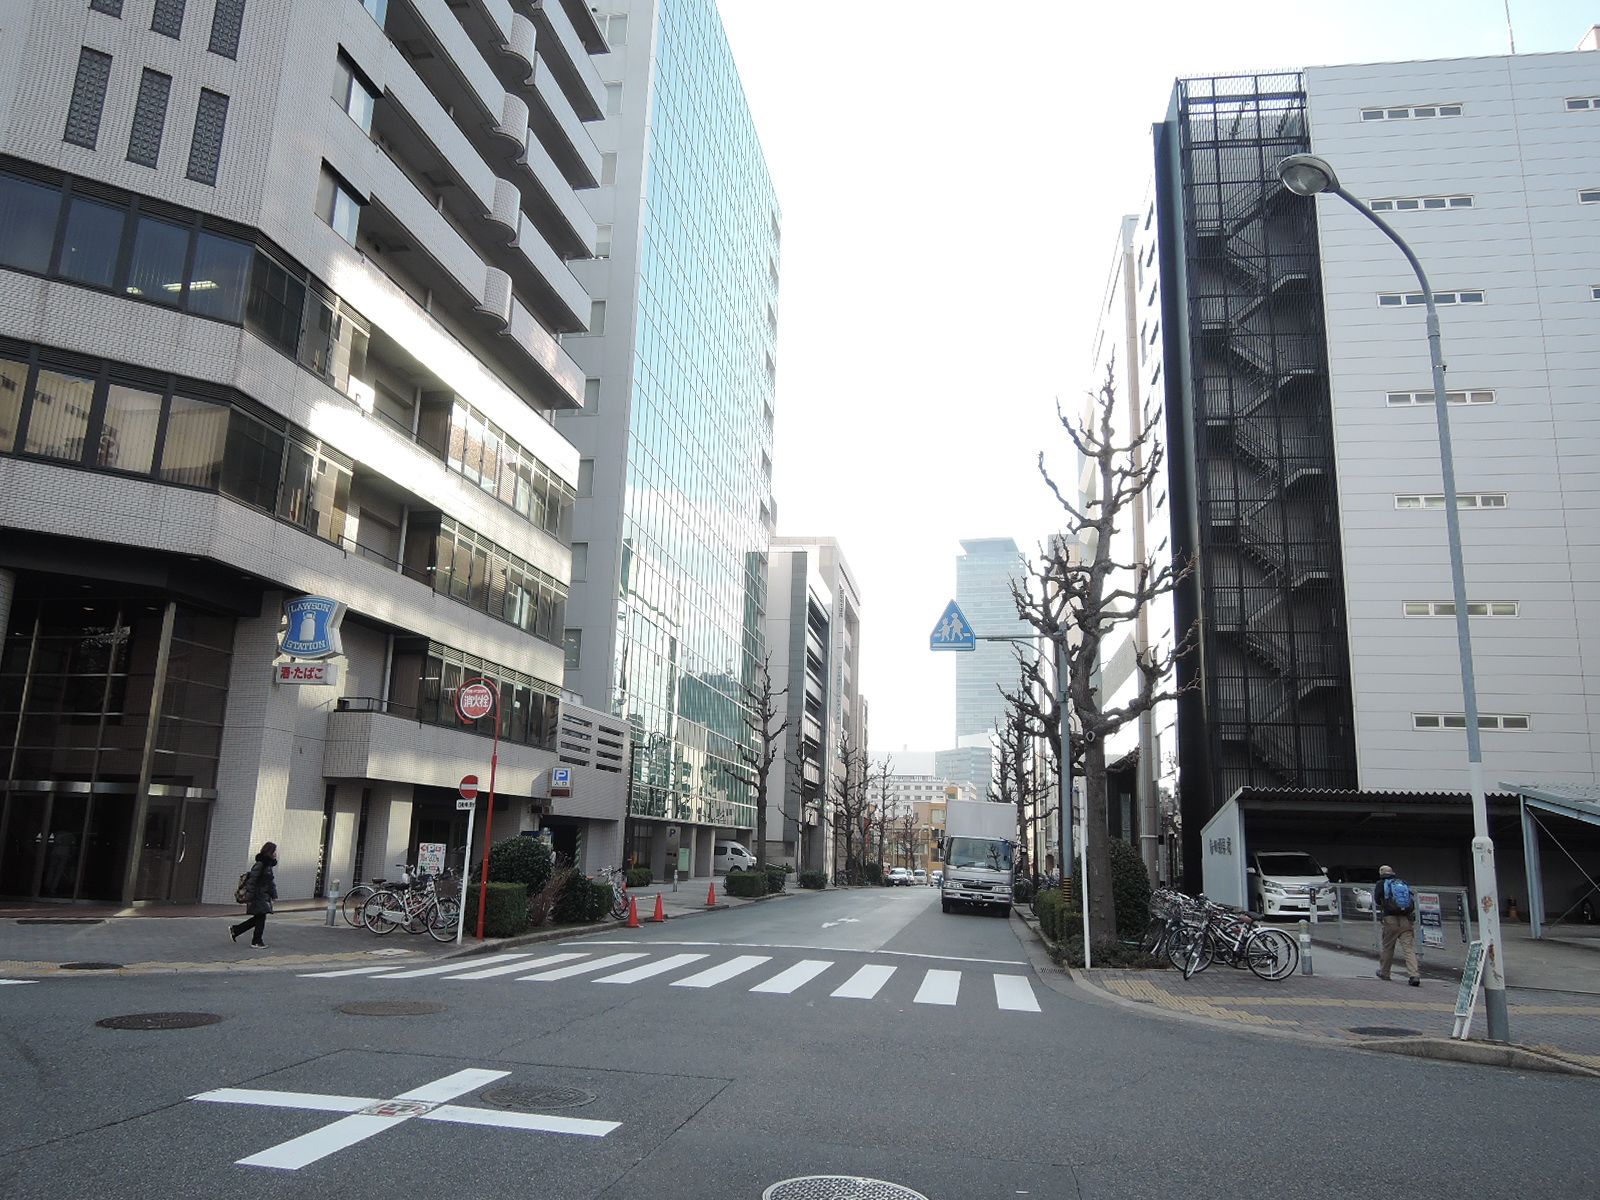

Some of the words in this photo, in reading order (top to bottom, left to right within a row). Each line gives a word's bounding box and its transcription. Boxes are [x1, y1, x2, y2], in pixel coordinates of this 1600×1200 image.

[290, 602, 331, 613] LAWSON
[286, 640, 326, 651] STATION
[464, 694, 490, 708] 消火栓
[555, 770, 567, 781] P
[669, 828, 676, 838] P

:: ACTIVITY ::
Line by line, restate the data above exactly as it stands, minus the pictures.

:: SOLUTION ::
Some of the words in this photo, in reading order (top to bottom, left to right within a row). Each line gives a word's bounding box and its transcription. Boxes are [x1, y1, x2, y2], in pixel coordinates of this 1600×1200 image.

[290, 602, 331, 613] LAWSON
[286, 640, 326, 651] STATION
[464, 694, 490, 708] 消火栓
[555, 770, 567, 781] P
[669, 828, 676, 838] P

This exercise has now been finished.